* PROBLEM DETAILS *
Without including any images, set down the records below exactly.

* MATERIAL TO PROCESS *
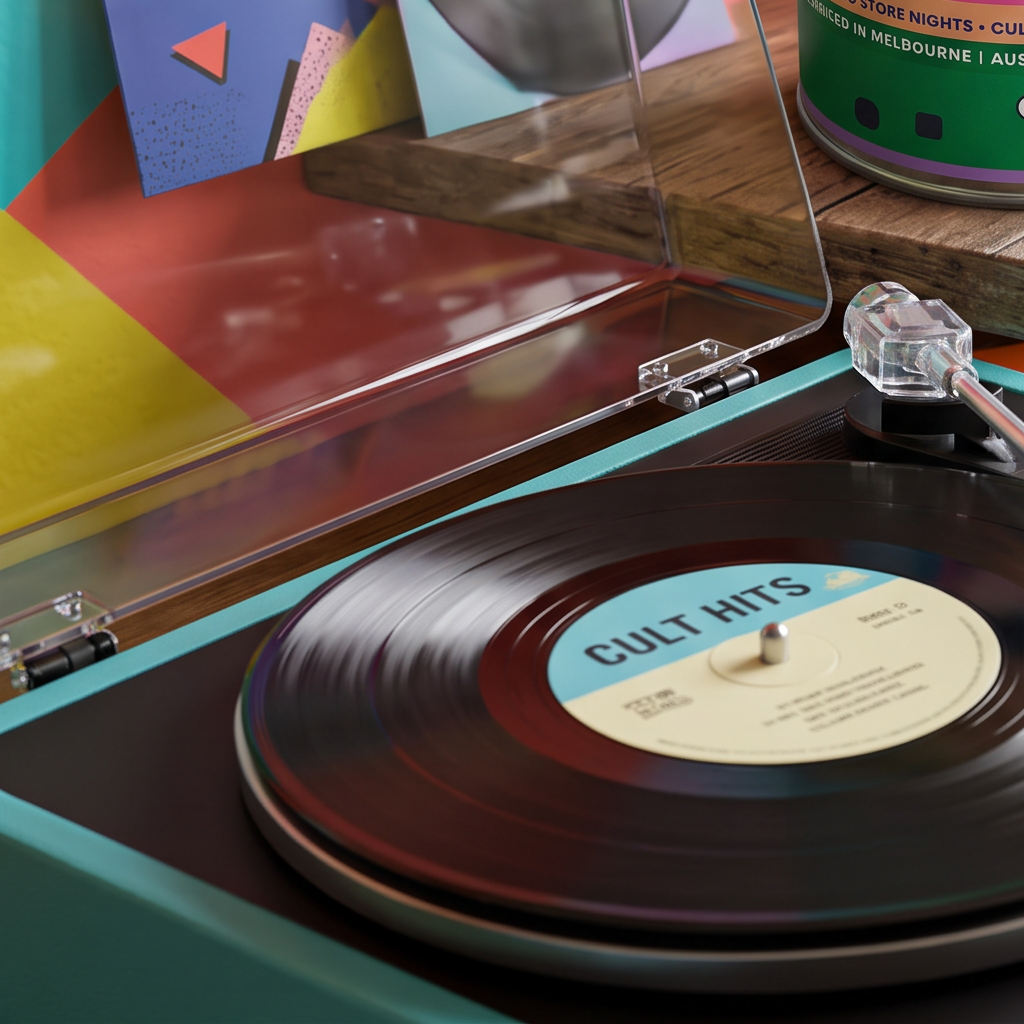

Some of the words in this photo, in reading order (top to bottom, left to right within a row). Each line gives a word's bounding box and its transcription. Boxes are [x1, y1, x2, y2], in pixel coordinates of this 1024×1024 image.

[909, 10, 973, 32] NIGHTS
[853, 22, 867, 38] IN
[871, 29, 972, 63] MELBOURNE
[584, 612, 703, 666] CULT
[699, 576, 812, 623] HITS
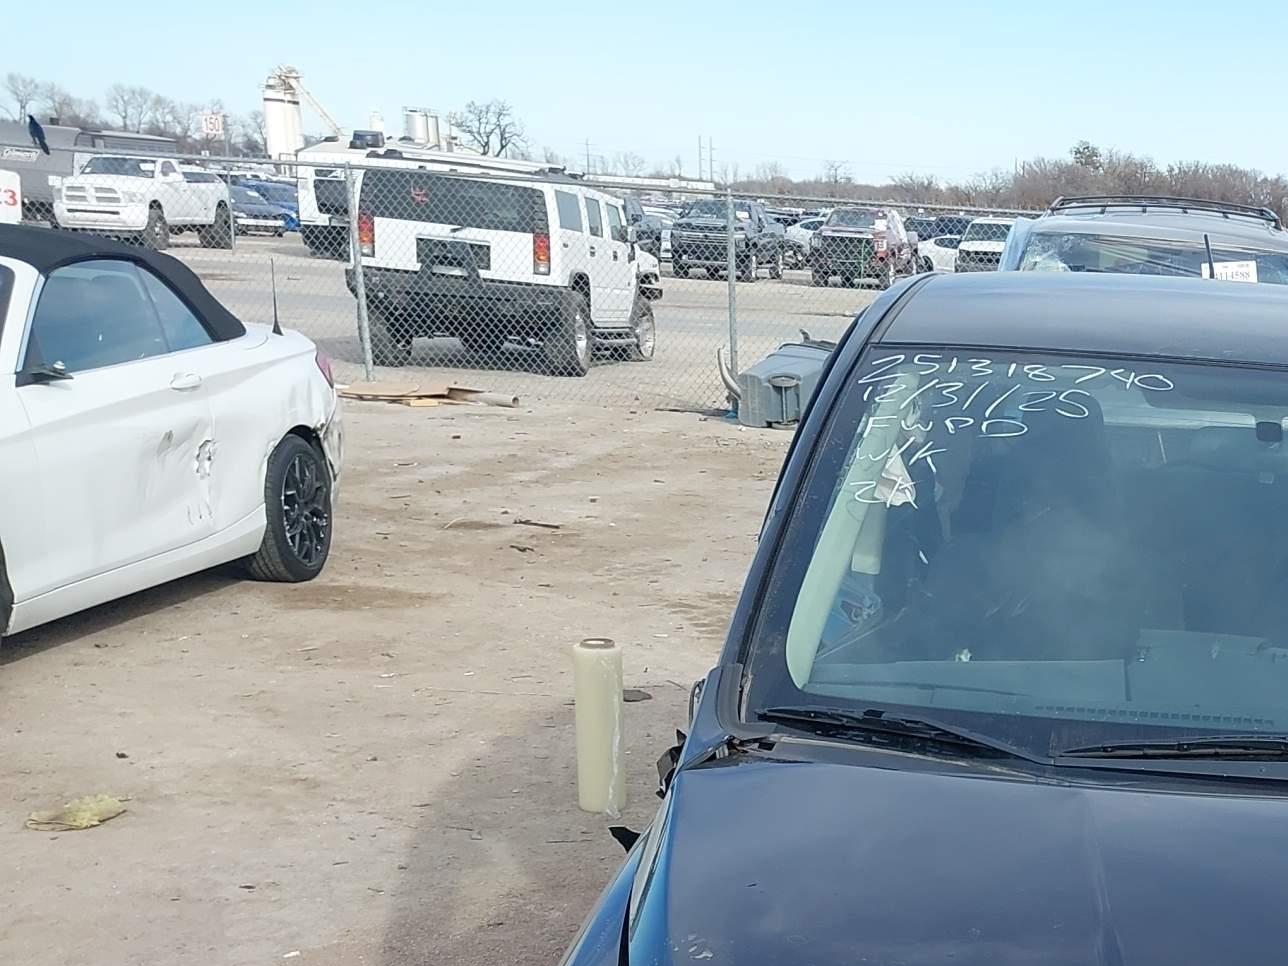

* FINISHED TASK *
Some of the words in this photo, in reading order (top to bottom, left to right within a row). Each line gives a word's bounding box and its transcription. Boxes are [x1, y1, x2, y2], in pixel coordinates of this 1024×1024 image.

[909, 10, 973, 32] NIGHTS
[853, 22, 867, 38] IN
[871, 29, 972, 63] MELBOURNE
[584, 612, 703, 666] CULT
[699, 576, 812, 623] HITS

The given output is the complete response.